It may be beneficial to train the model on a subset of the dataset so as not to overextend the computational resources being used during the training process since the computation would be carried out on a smaller dataset with fewer data points. The subset may include training data that has a relationship with the prediction data point. In some arrangements, a system generates the subset from the dataset by selecting data points in the dataset that have a relationship with the prediction data point. Training the model using training data that has a relationship, such as one or more common characteristics with the prediction data point, may increase the accuracy of predicting the outcome for the related prediction data point.

Current methods to predict an outcome for a prediction data point have included applying machine learning processes such as Kernel Principal Component Analysis (Kernel PCA) or Data Shapley method. However, these processes can be expensive and require extensive computational resources as the Kernel PCA and the Data Shapley method utilize the complete dataset and not a more tailored subset. Further, in addition to requiring a large amount of computational resources, these processes are unable to provide a more accurate outcome.

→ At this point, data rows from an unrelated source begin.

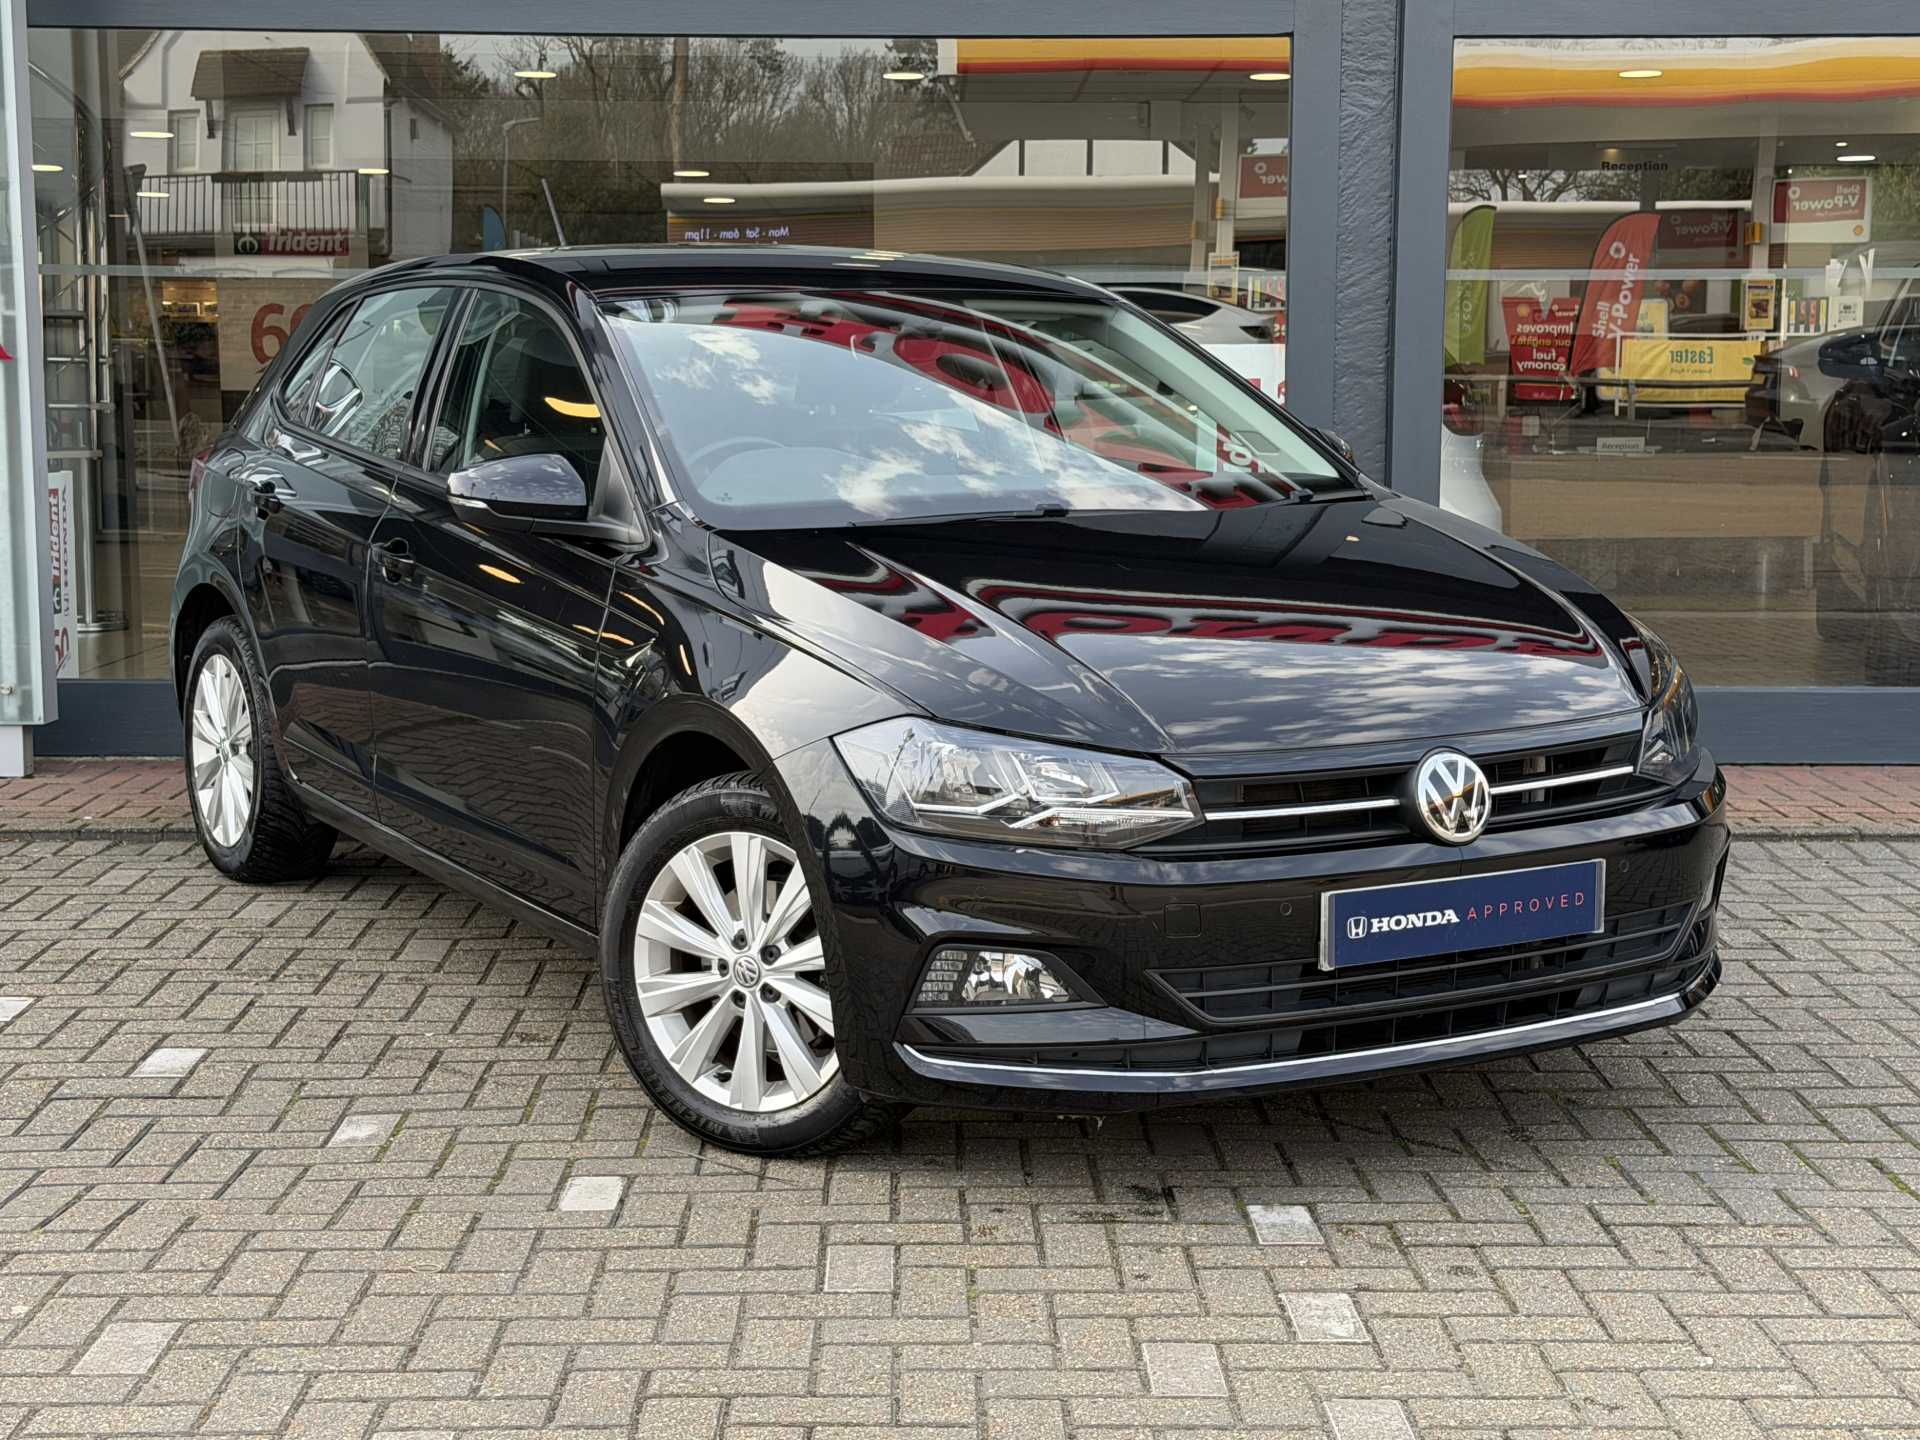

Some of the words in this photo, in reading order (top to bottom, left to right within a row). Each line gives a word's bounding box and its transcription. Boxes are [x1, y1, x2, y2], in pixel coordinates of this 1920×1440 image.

[1601, 161, 1669, 172] Reception
[267, 231, 344, 252] Trident
[1607, 253, 1640, 340] V-Power
[1593, 301, 1611, 338] Shell
[1370, 909, 1460, 933] HONDA
[1467, 891, 1585, 921] APPROVED

Accordingly, systems, methods, and other embodiments associated with downsampling training data are disclosed. The system can downsample training data so as to simplify the training of models as well as increase the prediction accuracy of the models. In other words, the system may select an optimal subset of a dataset to use as training data (X0, Y0) for prediction at (or proximate to) a data point (x1) with an unknown outcome (y1). The data point (x1) may be a single data point (x1, y1) or may be a representative data point for a set of data points (X1, Y1). The representative data point may be a cluster center of the set of data points (X1, Y1). The system may train a model such as a Gaussian Process model on all or a portion of the training data (X0, Y0) so the model learns a covariance function. The system then determines the covariance between the data point (x1) and the related components in the training data (X0). The system then selects the top N data points from the training data (X0, Y0) that have the highest covariance with the data point (x1). The value of N can be any suitable number, such as 100, such that the system selects the top 100 data points from the training data (X0, Y0). The system may form a subset with the top N data points and may use the subset to train a second model. As an example, the system may use the subset to train the second model, which is used to predict potential experiments.

Additionally and/or alternatively, the system may use the subset to further train the model. As another example, the system may use the subset to refit the covariance function.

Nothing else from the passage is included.